Hello,
Amplicon sequencing was performed across 9 samples and then I used DAD2 to analyze the variants. 83 Variants were found and below are my top 5:
1.AGTGCTTAAAGACTATTGTTTTATTCCCAAATTGTTCTCTTAATTTTATAACTATCTTATTTAAAGTGTCATTCCATTTTGCTCTACTAAGGTTACAATGTGCTTGTCTTATATCTCCTATTATTTCTCCTGTTGTATAAAATGCTCTGCCTGGTCCTATATTTATACTTTTT
2.ATTGCTTAAAGATTATTGTTTTATTATTTCCAAATTGTTCTCTTAATTTGCTAGCTATCTGTTTTAAAGTGGCATTCCATTTTGCTCTACTAATGTTACAATGTGCTTGTCTCATATTTCCTATTTTTCCTATTGTAACAAATGCTCTCCCTGGTCCCCTCTGGATACGGATACTTTTT
3.GTGCTTAAAGACTATTGTTTTATTCCCAAATTGTTCTCTTAATTTTATAACTATCTTATTTAAAGTGTATCTCCTATTATTTCTCCTGTTGTATAAAATGCTCTGCCTGGTCCTATATTTATACTTTTT
4.AGTGCCTGGTCCTATATTTATACTTTTT
5.AGTGCTTAAAGACTATTGTTTTATTAAAATGCTCTGCCTGGTCCTATATTTATACTTTTT
The first three are as expected but what are these very short sequences and what causes them? I imagine they are sequencing error but what exactly is happening here to get counts of many short sequences?
Thank You, Sara
I expect those short snippets really are present in your library, rather than just showing up due to your sequencing or dada2 usage.
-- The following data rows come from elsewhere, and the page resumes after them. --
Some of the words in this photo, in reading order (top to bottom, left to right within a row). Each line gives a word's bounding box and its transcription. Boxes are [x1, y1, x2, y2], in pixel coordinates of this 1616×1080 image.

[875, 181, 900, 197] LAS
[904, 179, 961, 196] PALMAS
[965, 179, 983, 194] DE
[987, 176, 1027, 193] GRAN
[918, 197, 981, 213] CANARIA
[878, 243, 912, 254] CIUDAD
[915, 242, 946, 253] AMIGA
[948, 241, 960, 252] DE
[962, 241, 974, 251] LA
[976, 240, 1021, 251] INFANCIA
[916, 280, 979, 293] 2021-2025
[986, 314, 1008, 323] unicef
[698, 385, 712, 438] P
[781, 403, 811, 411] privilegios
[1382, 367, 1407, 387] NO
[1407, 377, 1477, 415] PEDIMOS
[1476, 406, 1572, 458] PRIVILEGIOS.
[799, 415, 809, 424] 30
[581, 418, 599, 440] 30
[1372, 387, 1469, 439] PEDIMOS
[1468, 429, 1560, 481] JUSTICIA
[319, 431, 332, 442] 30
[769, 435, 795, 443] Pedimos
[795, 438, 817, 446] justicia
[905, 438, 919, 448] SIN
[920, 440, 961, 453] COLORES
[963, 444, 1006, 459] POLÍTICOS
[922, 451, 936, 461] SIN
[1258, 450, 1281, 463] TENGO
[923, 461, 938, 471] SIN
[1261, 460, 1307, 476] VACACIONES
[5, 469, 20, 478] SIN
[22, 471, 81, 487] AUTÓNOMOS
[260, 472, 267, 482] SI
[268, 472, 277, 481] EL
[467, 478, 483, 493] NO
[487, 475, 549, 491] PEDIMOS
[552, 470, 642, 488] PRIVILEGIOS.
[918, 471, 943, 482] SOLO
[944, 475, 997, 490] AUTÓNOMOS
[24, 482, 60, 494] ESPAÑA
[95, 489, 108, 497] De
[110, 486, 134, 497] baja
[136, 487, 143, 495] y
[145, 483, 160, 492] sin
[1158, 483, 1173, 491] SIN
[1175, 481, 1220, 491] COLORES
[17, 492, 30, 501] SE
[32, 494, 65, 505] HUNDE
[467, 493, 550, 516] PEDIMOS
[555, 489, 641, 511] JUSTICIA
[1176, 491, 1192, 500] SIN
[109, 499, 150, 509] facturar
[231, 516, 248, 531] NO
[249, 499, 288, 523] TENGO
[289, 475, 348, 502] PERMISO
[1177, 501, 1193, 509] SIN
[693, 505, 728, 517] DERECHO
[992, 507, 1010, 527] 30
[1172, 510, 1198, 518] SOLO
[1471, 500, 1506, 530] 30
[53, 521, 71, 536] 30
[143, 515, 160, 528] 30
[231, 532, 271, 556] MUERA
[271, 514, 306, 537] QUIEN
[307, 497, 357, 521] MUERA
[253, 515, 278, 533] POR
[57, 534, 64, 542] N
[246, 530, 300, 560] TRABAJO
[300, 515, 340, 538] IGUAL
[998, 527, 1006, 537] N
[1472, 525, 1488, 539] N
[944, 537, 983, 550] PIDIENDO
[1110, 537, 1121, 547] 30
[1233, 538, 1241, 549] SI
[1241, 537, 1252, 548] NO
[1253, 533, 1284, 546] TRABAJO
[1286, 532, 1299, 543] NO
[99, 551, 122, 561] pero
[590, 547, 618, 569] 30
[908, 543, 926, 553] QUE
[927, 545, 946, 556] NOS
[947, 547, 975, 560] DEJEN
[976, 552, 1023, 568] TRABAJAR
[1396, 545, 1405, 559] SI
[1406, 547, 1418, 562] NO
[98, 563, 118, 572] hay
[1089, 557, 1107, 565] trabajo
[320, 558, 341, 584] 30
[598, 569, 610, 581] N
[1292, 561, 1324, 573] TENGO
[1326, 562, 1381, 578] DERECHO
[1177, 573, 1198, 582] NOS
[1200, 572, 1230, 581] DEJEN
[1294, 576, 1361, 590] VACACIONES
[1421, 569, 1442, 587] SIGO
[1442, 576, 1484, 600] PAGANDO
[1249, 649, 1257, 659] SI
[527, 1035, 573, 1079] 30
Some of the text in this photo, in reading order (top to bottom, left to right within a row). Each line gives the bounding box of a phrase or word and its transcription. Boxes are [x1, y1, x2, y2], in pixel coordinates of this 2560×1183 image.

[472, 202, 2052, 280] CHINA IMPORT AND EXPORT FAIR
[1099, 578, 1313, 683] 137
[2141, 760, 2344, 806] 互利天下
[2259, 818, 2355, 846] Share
Take a look at how they compare in an MSA:
Whenever we do amplicon sequencing we get some fraction of reads that just match one, the other, or both primer sequences, and people have told me that's to be expected due to primer dimer and the like. When all works well it's just a small fraction, but when the starting material is degraded or low abundance we see a lot more of that. Could that explain what you're seeing? For example I notice sequence #4 is nearly identical to the end of most of the others (reverse primer?) and #5 looks like the start and end put together (primer dimer?).
Hey Saran
Some kind of quality filtering of the raw sequencing is necessary for DADA2 because low-quality reads will negativelly affect its accuracy to the estimates the error model. So, the actual number of ASV can be very different depending on how the raw sequencing data have been processed.
That said, I don't know why you get very short ASV but, dada2 community is very active, and you should probably ask there by explaining every step used to process the raw sequencing data and generate the ASVs.